Novo Protocolo de Tratamento para o Climatério
A Comissão de Defesa dos Direitos da Mulher deu um passo importante em dezembro ao aprovar um projeto de lei que obriga o Sistema Único de Saúde (SUS) a criar um protocolo clínico voltado para o tratamento dos sintomas do climatério. Esse período, que marca a transição da fase reprodutiva para a não reprodutiva da mulher, geralmente começa por volta dos 40 anos. O protocolo visa assegurar que as mulheres recebam cuidados adequados durante esta fase, que pode incluir uma variedade de sintomas desconfortáveis.
O projeto aprovado permite a utilização de diferentes abordagens terapêuticas, incluindo tratamento hormonal, em conformidade com a Lei Orgânica da Saúde. As novas diretrizes têm como objetivo orientar o cuidado durante o climatério, promover o uso racional de medicamentos e qualificar o atendimento às pacientes. A escolha do tipo de terapia será baseada na avaliação clínica individual de cada mulher, levando em consideração suas necessidades específicas.
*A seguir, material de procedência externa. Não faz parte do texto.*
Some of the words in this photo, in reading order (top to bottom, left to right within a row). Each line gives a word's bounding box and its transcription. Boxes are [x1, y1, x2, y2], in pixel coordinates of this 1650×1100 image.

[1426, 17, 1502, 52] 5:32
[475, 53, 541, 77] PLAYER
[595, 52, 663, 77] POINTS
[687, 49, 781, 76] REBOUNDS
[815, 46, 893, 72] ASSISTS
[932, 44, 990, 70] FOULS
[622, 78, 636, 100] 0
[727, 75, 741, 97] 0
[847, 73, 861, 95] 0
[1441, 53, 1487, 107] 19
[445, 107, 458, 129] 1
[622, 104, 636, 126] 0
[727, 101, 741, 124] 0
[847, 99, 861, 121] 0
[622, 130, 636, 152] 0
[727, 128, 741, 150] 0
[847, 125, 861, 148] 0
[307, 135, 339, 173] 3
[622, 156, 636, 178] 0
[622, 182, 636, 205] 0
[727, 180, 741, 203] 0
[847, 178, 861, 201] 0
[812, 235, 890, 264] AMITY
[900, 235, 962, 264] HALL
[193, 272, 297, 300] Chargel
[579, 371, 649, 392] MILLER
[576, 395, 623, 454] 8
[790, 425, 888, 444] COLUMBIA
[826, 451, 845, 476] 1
A relatora do projeto, deputada Laura Carneiro (PSD-RJ), destacou a importância do substitutivo aprovado pela Comissão de Saúde, que modificou a proposta original da deputada Ana Paula Lima (PT-SC). A proposta inicial previa a oferta exclusiva de tratamento hormonal no SUS. Laura Carneiro também mencionou o parecer da Sociedade Brasileira de Endocrinologia e Metabologia, que considera a terapia hormonal uma ferramenta valiosa para a saúde das mulheres durante a menopausa. “Esse atendimento pelo SUS é uma estratégia de saúde pública necessária para garantir a qualidade de vida das mulheres nessa fase”, enfatizou a relatora.
Entendendo o Climatério
O climatério é um período de transição que abrange tanto a fase que antecede quanto a menopausa, que é marcada pela última menstruação. Durante essa fase, a mulher pode enfrentar uma série de sintomas resultantes da queda hormonal, como ondas de calor, insônia, alterações de humor e dores articulares. Por isso, o tratamento deve ser individualizado, considerando fatores como a idade da paciente, a gravidade dos sintomas, o tempo pós-menopausa e os riscos associados a doenças cardíacas e câncer de mama.
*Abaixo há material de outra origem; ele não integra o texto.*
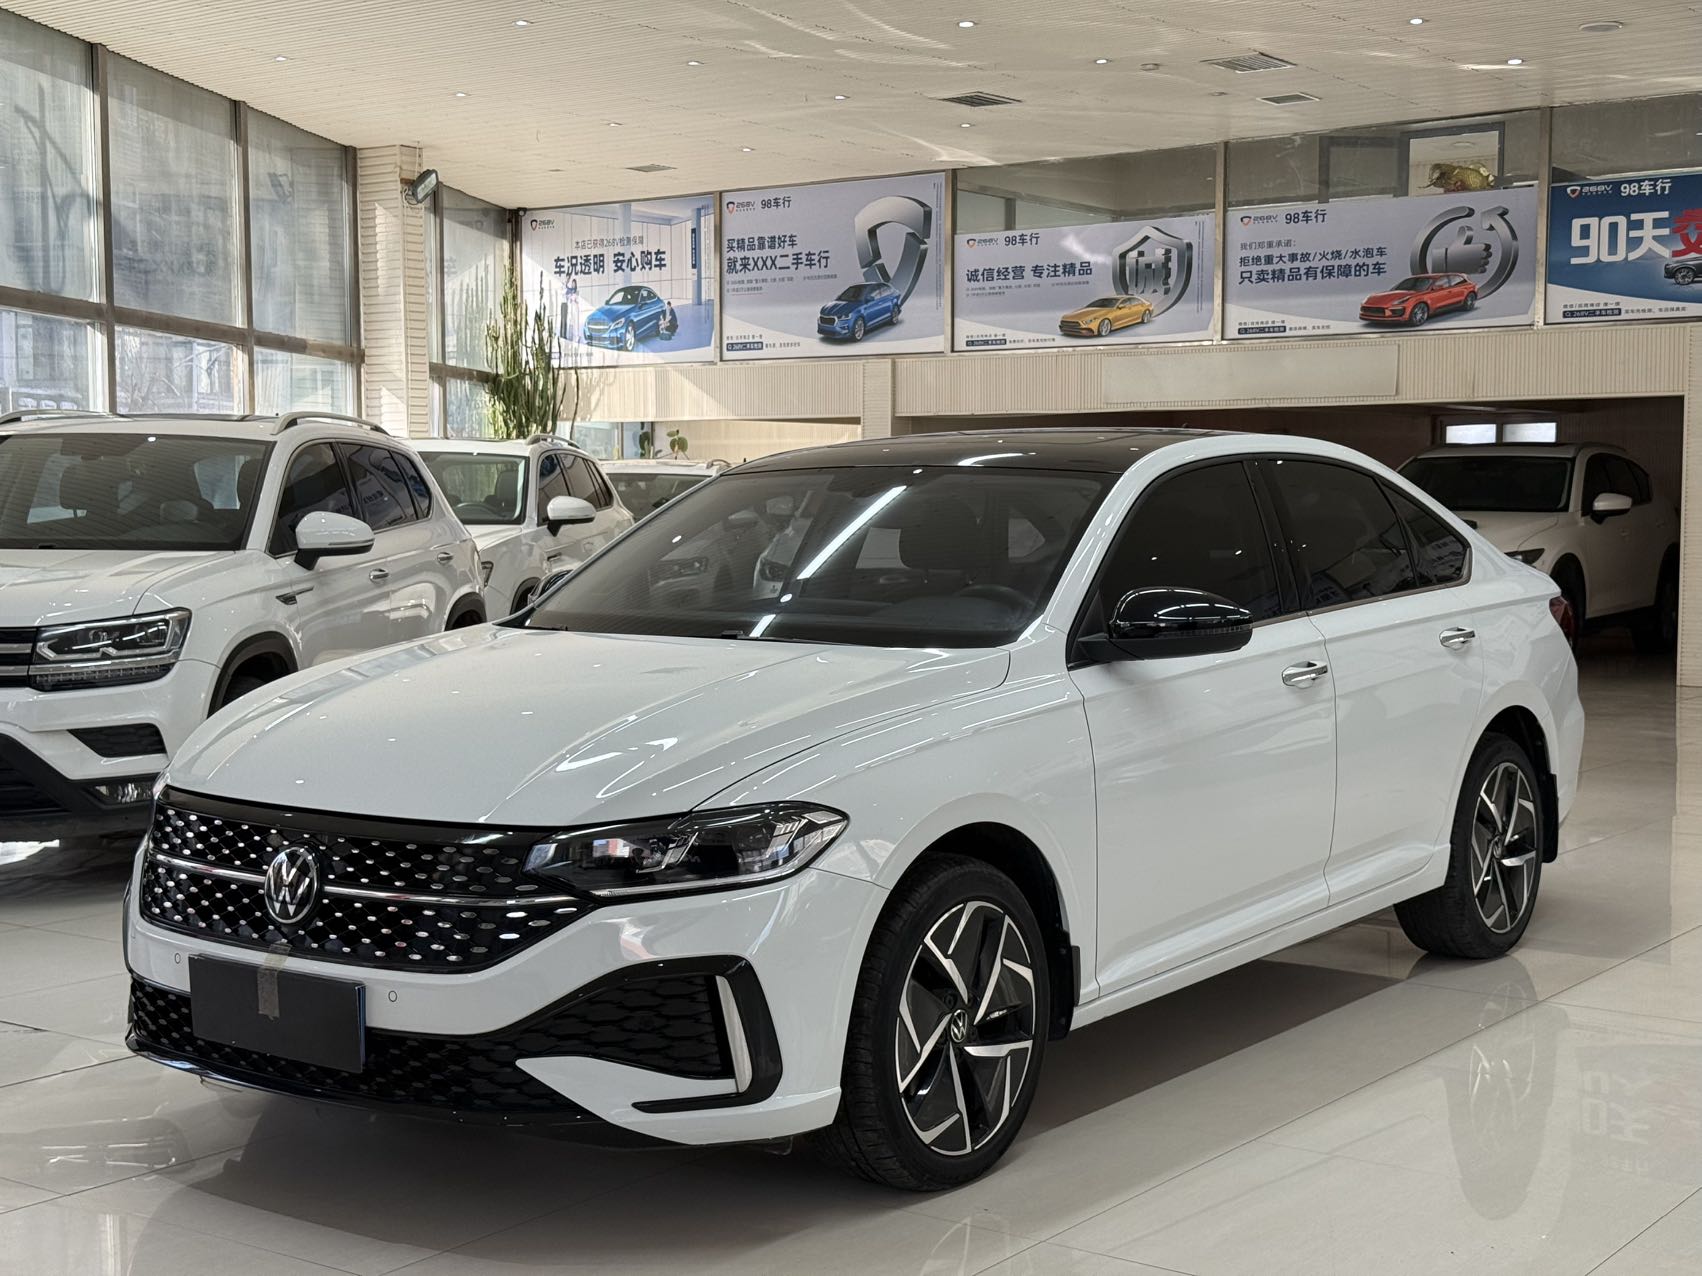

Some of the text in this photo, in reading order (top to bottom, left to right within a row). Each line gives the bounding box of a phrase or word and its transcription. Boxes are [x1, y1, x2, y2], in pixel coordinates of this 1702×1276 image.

[1620, 179, 1672, 196] 98车行
[761, 196, 791, 209] 98车行
[1285, 209, 1327, 224] 98车行
[726, 234, 798, 253] 买精品靠谱好车
[1004, 233, 1040, 246] 98车行
[554, 249, 667, 277] 车况透明 安心购车
[726, 250, 830, 275] 就来XXX二手车行
[1239, 246, 1388, 267] 拒绝重大事故/火烧/水泡车
[965, 261, 1093, 283] 诚信经营 专注精品
[1239, 261, 1387, 285] 只卖精品有保障的车
Próximos Passos do Projeto
Agora, o projeto ainda passará pela análise das Comissões de Finanças e Tributação, além da Comissão de Constituição e Justiça e de Cidadania. Para que o texto se torne lei, será necessário que seja aprovado tanto pela Câmara dos Deputados quanto pelo Senado. O avanço deste projeto é visto como um avanço significativo na saúde feminina no Brasil, buscando atender a uma demanda que muitas vezes é negligenciada no sistema de saúde.